Problem requirements
Transcribe every record verbatim; no pictures.

Supplied material

- - - - - - -

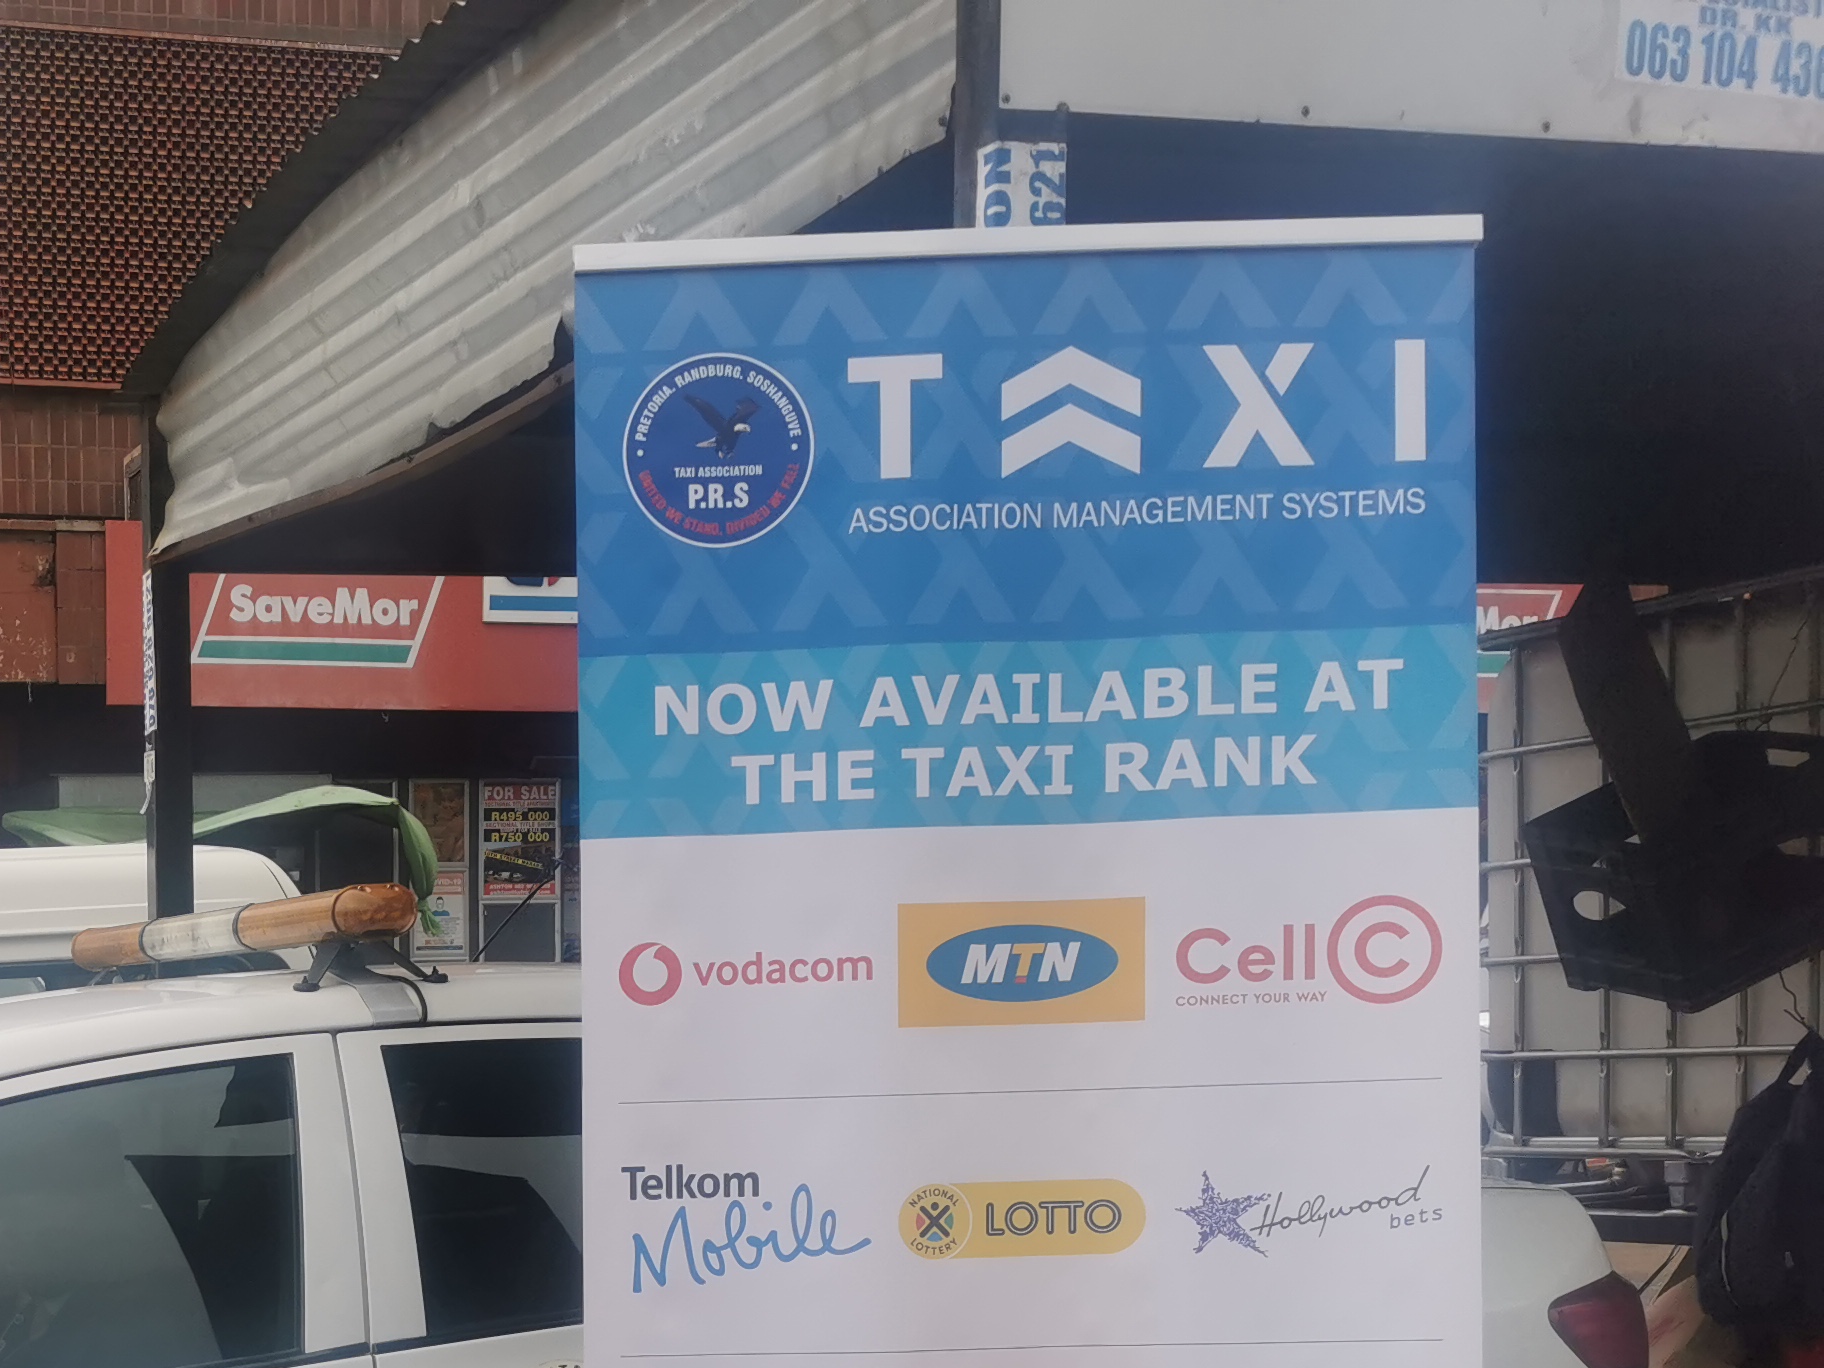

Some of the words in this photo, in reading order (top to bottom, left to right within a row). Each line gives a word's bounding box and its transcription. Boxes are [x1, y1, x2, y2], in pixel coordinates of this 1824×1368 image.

[1626, 19, 1691, 82] 063
[1701, 30, 1758, 89] 104
[746, 371, 802, 438] SOSHANGUVE
[674, 467, 696, 478] TAXI
[697, 464, 763, 478] ASSOCIATION
[688, 482, 749, 509] P.R.S
[848, 502, 1044, 535] ASSOCIATION
[1052, 493, 1274, 529] MANAGEMENT
[1282, 488, 1427, 519] SYSTEMS
[229, 584, 419, 627] SaveMor
[655, 681, 832, 737] NOW
[860, 662, 1278, 728] AVAILABLE
[1306, 658, 1404, 713] AT
[731, 751, 875, 806] THE
[902, 745, 1074, 800] TAXI
[1104, 735, 1318, 793] RANK
[484, 786, 514, 800] FOR
[521, 785, 556, 800] SALE
[491, 811, 523, 821] R495
[528, 811, 550, 821] 000
[491, 832, 523, 842] R750
[528, 832, 550, 842] 000
[692, 952, 873, 987] vodacom
[959, 939, 1080, 984] MTN
[1175, 993, 1249, 1007] CONNECT
[1253, 992, 1291, 1005] YOUR
[1296, 990, 1328, 1003] WAY
[620, 1165, 760, 1201] Telkom
[908, 1188, 960, 1208] NATIONAL
[985, 1199, 1122, 1236] LOTTO
[1250, 1165, 1430, 1238] Hollywood
[1390, 1207, 1443, 1230] bets
[632, 1183, 872, 1294] Mobile
[910, 1237, 958, 1256] LOTTERY

- - - - - - -

Finished task
Some of the words in this photo, in reading order (top to bottom, left to right within a row). Each line gives a word's bounding box and its transcription. Boxes are [x1, y1, x2, y2], in pixel coordinates of this 1824×1368 image.

[1626, 19, 1691, 82] 063
[1701, 30, 1758, 89] 104
[746, 371, 802, 438] SOSHANGUVE
[674, 467, 696, 478] TAXI
[697, 464, 763, 478] ASSOCIATION
[688, 482, 749, 509] P.R.S
[848, 502, 1044, 535] ASSOCIATION
[1052, 493, 1274, 529] MANAGEMENT
[1282, 488, 1427, 519] SYSTEMS
[229, 584, 419, 627] SaveMor
[655, 681, 832, 737] NOW
[860, 662, 1278, 728] AVAILABLE
[1306, 658, 1404, 713] AT
[731, 751, 875, 806] THE
[902, 745, 1074, 800] TAXI
[1104, 735, 1318, 793] RANK
[484, 786, 514, 800] FOR
[521, 785, 556, 800] SALE
[491, 811, 523, 821] R495
[528, 811, 550, 821] 000
[491, 832, 523, 842] R750
[528, 832, 550, 842] 000
[692, 952, 873, 987] vodacom
[959, 939, 1080, 984] MTN
[1175, 993, 1249, 1007] CONNECT
[1253, 992, 1291, 1005] YOUR
[1296, 990, 1328, 1003] WAY
[620, 1165, 760, 1201] Telkom
[908, 1188, 960, 1208] NATIONAL
[985, 1199, 1122, 1236] LOTTO
[1250, 1165, 1430, 1238] Hollywood
[1390, 1207, 1443, 1230] bets
[632, 1183, 872, 1294] Mobile
[910, 1237, 958, 1256] LOTTERY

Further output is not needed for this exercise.